Parade participants march down Seventh Avenue in Ybor City during the Tampa Pride Parade on Saturday. This was Tampa’s first gay pride parade in 13 years, and Tampa police Chief Jane Castor, who is gay, served as grand marshal.
Parade participants march down Seventh Avenue in Ybor City during the Tampa Pride Parade on Saturday. This was Tampa’s first gay pride parade in 13 years, and Tampa police Chief Jane Castor, who is gay, served as grand marshal.
Published March 29, 2015

TAMPA

Ahead of the floats with rainbow tutus and dazzling drag queens, Tampa police Chief Jane Castor tossed magenta beads to hungry hands.

"Chief Castor!" one man shouted, waving.

"That's the chief!" another one pointed out.

As grand marshal of Tampa's first gay pride festival in 13 years, the chief posed for selfies and doled out hugs along the parade route that snaked down E Seventh Avenue in Ybor City on Saturday. Around the corner, booths lined Eighth Avenue.

For the chief, and many attendees, this day was personal. Not only did Castor, who is gay, feel pride that her city was embracing its diversity, but Tampa Pride was the last parade she'll oversee before she retires as chief of police.

"It's nice to see the enthusiasm and people from all walks of life," she said, adding that "nobody does a parade better than Tampa."

From 2005 to 2013, the Hillsborough County Commission had refused to sign proclamations for LGBT events. People along the route Saturday rejoiced that they finally had the opportunity to celebrate on their own street corners.

Equality Florida volunteer and Tampa native Elias Jackson said he thinks the county's resistance might have made the LGBT community in Hillsborough even stronger.

A 20-year-old gender studies major at University of South Florida, Jackson said he started college classes in Fort Myers but came back to Tampa soon after.

"I wanted to do my activism at home. I wanted to make a difference in my own community," he said. "I didn't even know I'd been waiting for this to happen."

Jackson said he spent the day talking with older members of the LGBT community who recalled times when being "here and queer" was not okay. It reminded him to be appreciative of the hard work of those who came before him, he said, and to build upon it.

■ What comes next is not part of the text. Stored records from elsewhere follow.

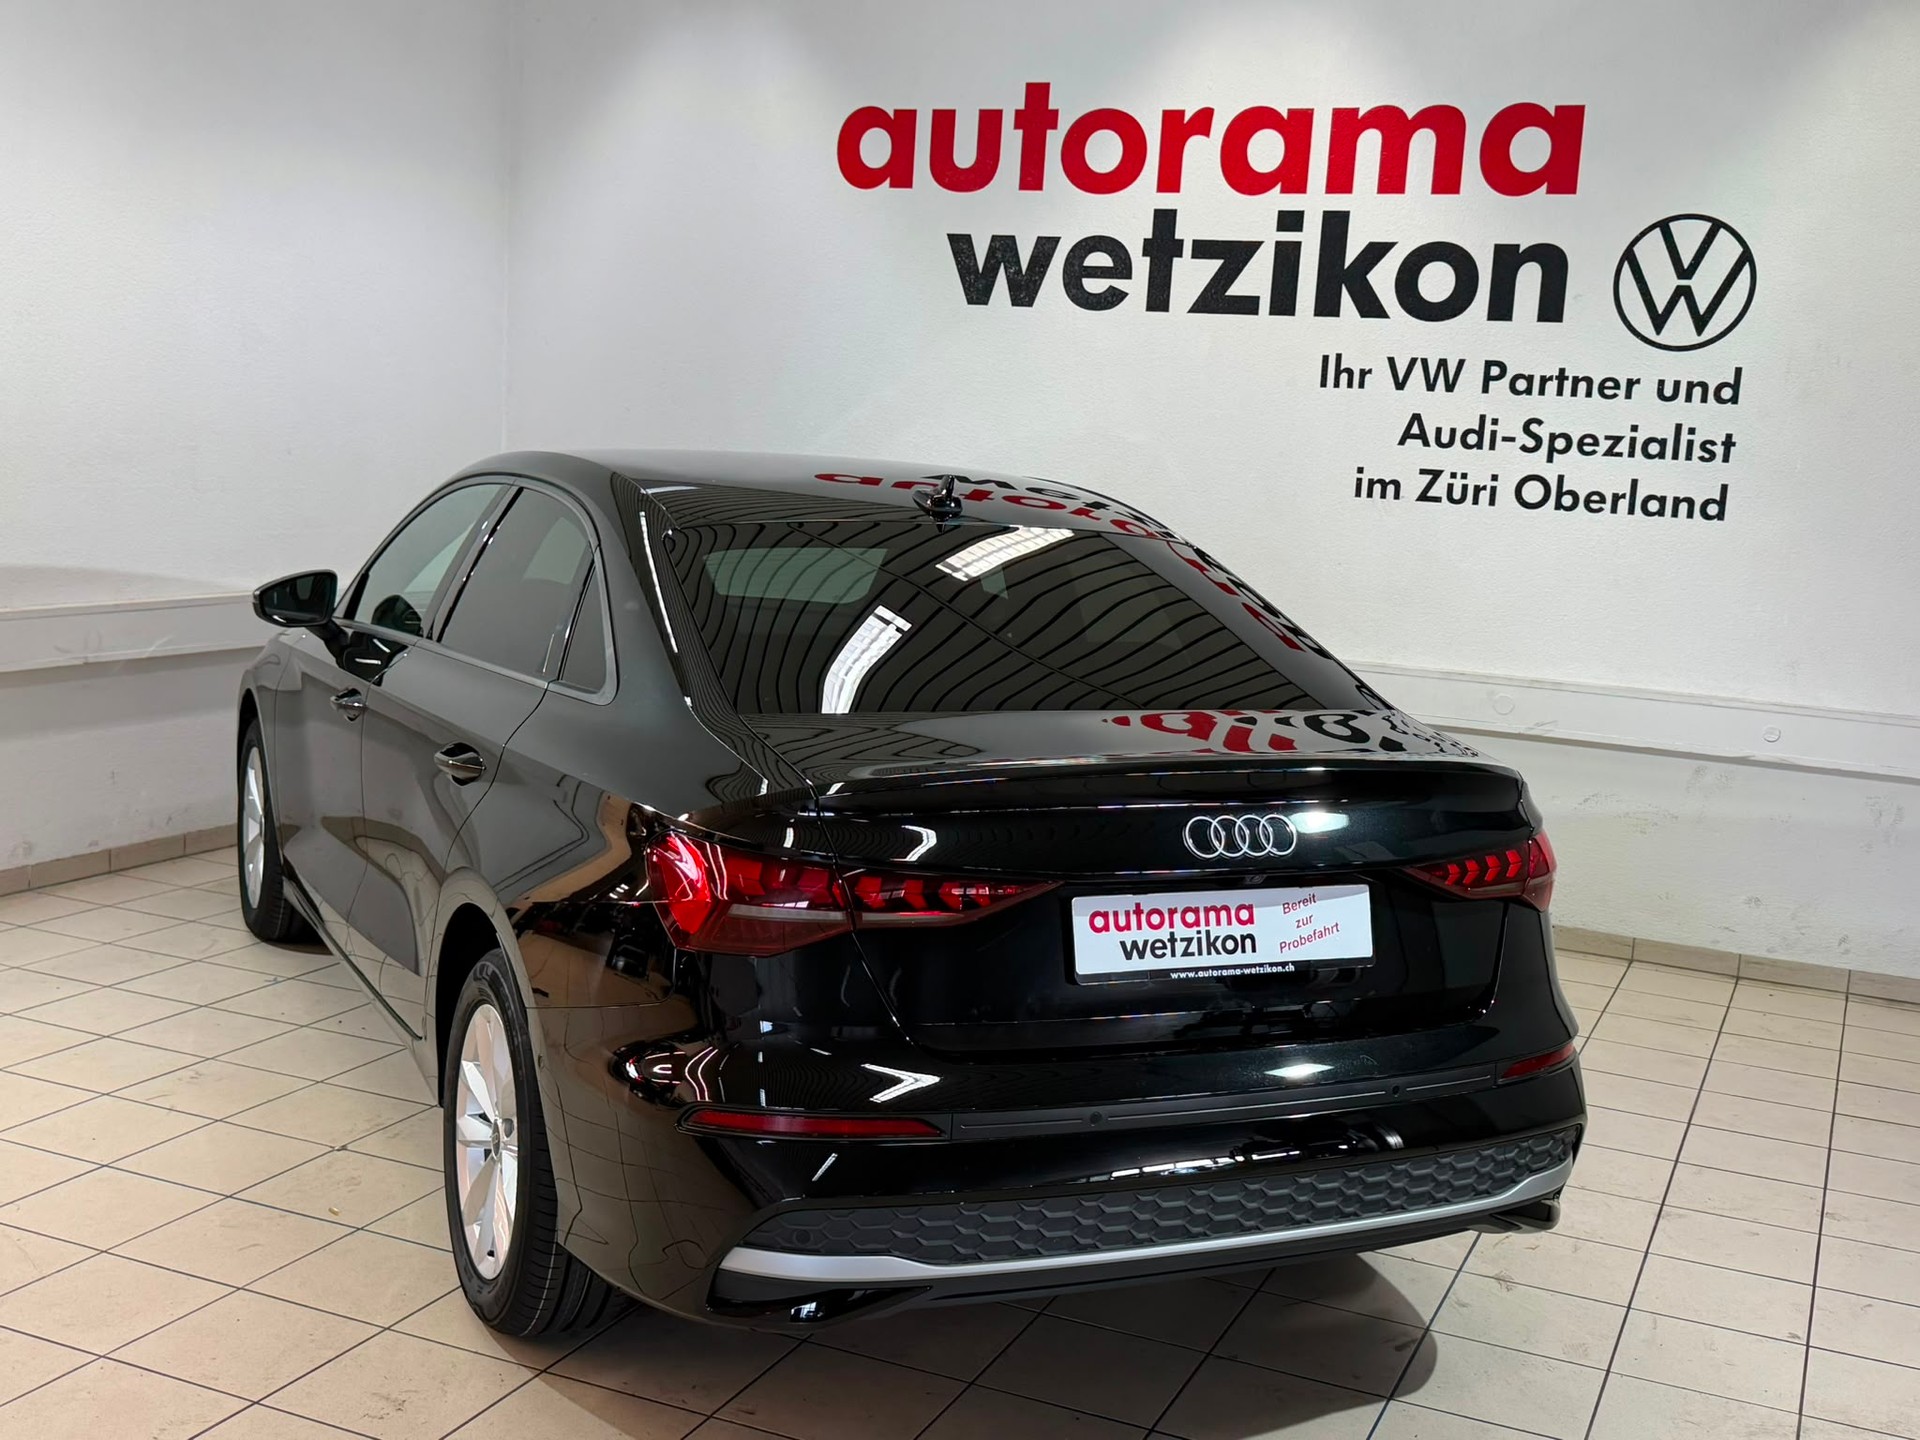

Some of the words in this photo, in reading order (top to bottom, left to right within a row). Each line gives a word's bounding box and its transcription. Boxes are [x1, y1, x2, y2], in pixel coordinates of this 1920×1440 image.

[837, 82, 1586, 197] autorama
[946, 208, 1569, 324] wetzikon
[1319, 353, 1373, 390] Ihr
[1386, 356, 1466, 393] VW
[1481, 359, 1641, 401] Partner
[1656, 366, 1743, 405] und
[1397, 412, 1737, 465] Audi-Spezialist
[1354, 466, 1401, 501] im
[1415, 468, 1499, 508] Züri
[1514, 474, 1729, 522] Oberland
[1088, 902, 1256, 935] autorama
[1281, 892, 1317, 915] Bereit
[1279, 922, 1340, 954] Probefahrt
[1295, 914, 1314, 929] zur
[1119, 929, 1257, 961] wetzikon
[1170, 962, 1295, 979] www.autorama-wetzikon.ch

Just a few booths down, inside the Gayest Store On Earth, Lisa Huston, 53, echoed similar sentiments.

"It's a privilege for us to be out here today," she said. "We're doing a bang-up job."

By late morning, Huston, 53, had already sold all her multicolored bow ties and dog bandanas, but the stream of revelers just kept coming.

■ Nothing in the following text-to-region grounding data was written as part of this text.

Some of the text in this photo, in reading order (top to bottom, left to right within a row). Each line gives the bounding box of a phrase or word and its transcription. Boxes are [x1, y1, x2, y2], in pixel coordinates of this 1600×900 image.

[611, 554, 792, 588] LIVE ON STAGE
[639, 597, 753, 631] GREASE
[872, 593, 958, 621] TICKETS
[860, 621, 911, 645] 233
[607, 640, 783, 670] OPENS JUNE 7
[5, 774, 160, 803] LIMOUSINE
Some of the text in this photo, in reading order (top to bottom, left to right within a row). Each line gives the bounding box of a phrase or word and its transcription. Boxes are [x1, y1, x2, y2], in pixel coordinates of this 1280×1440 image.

Next went the glittering fedoras, boas and T-shirts with sayings like "I can't even think straight."

Her booth, also an online store, was one of the few selling merchandise at Tampa Pride. She started it when she left her job in the corporate world, and this event was her first.

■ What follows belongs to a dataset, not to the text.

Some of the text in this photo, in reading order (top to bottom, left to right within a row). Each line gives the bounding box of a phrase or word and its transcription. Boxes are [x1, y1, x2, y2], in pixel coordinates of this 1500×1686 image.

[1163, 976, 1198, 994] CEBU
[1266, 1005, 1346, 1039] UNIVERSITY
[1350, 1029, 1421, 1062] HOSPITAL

"I decided it was time to do something fun with my life," Huston said. "This has given me an opportunity to provide almost a service to my community."

But despite Florida's recent legalization of same-sex marriage, she said, "we still have a long way to go."

"Look what just happened in Indiana," she said.

The Midwestern state was a topic of conversation among people at the parade Saturday. This week Indiana Gov. Mike Pence signed a "religious freedom" law that critics, including tech executives and convention organizers, fear could open the door to discrimination based on sexual orientation.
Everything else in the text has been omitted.